Personal information
- Date of birth: 4 June 1975 (age 51)
- Place of birth: Shipley, England
- Height: 5 ft 9 in (1.75 m)
- Position: Midfielder

Youth career
- Leeds United

Senior career*
- Years: Team / Apps / (Gls)
- 1993–1997: Leeds United / 29 / (1)
- 1997–1999: Carlisle United / 43 / (2)
- 1999: → Blackpool (loan) / 4 / (0)
- 1999–2000: Blackpool / 17 / (0)
- Total:  / 93 / (3)

= Andy Couzens =

English footballer

Andy Couzens (born 4 June 1975) is an English former professional footballer who played as a midfielder.

He notably played in the Premier League for Leeds United, as well as in the Football League for both Carlisle United and Blackpool.

==Playing career==
He was born in Shipley, and started his career with Leeds United, for whom he played in the 1993 FA Youth Cup final, when they beat Manchester United. He managed 29 Premier League appearances for Leeds, scoring once against Coventry City. He scored once in the League Cup against Notts County. For a while he was tipped for a bright future in the game, but he never lived up to expectations and in 1997 he dropped down two divisions to sign for Carlisle United.
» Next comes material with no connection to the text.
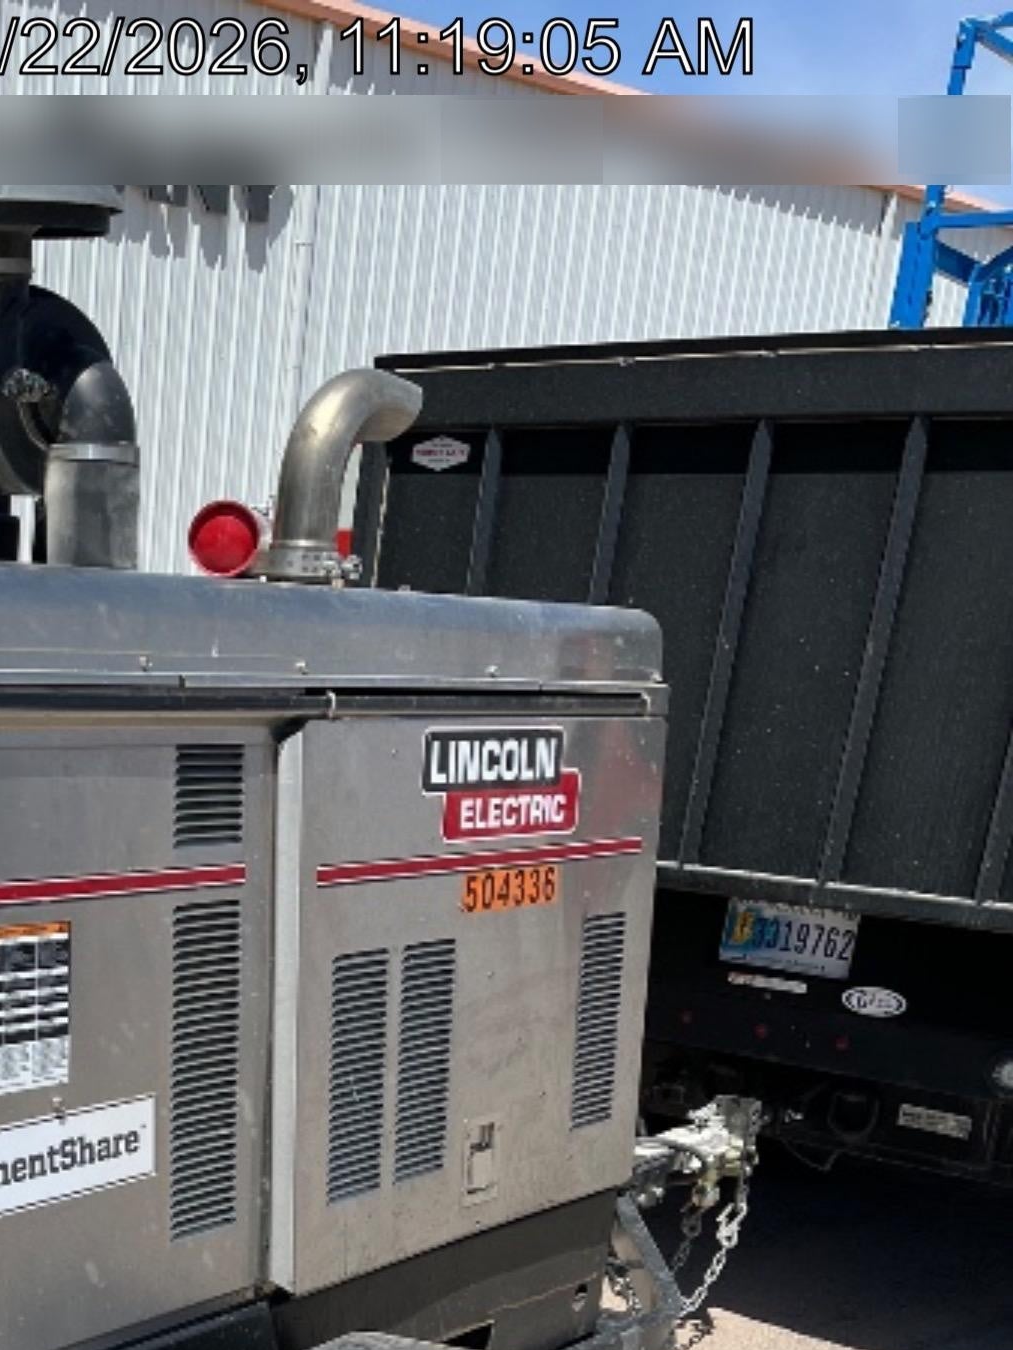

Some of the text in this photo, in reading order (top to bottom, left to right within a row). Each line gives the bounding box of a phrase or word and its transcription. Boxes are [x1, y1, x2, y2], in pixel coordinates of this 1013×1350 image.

After Carlisle United were relegated in 1998 and narrowly avoided relegation from the Football League completely a year later, he signed for Blackpool in Division Two but was unable to prevent their relegation at the end of the 1999–2000 season. He then left the Bloomfield Road club and his career was over at a professional level by the time he turned 25.

==Personal life==
Couzens works for Leeds United as a host in their hospitality suite; he is also a personal trainer.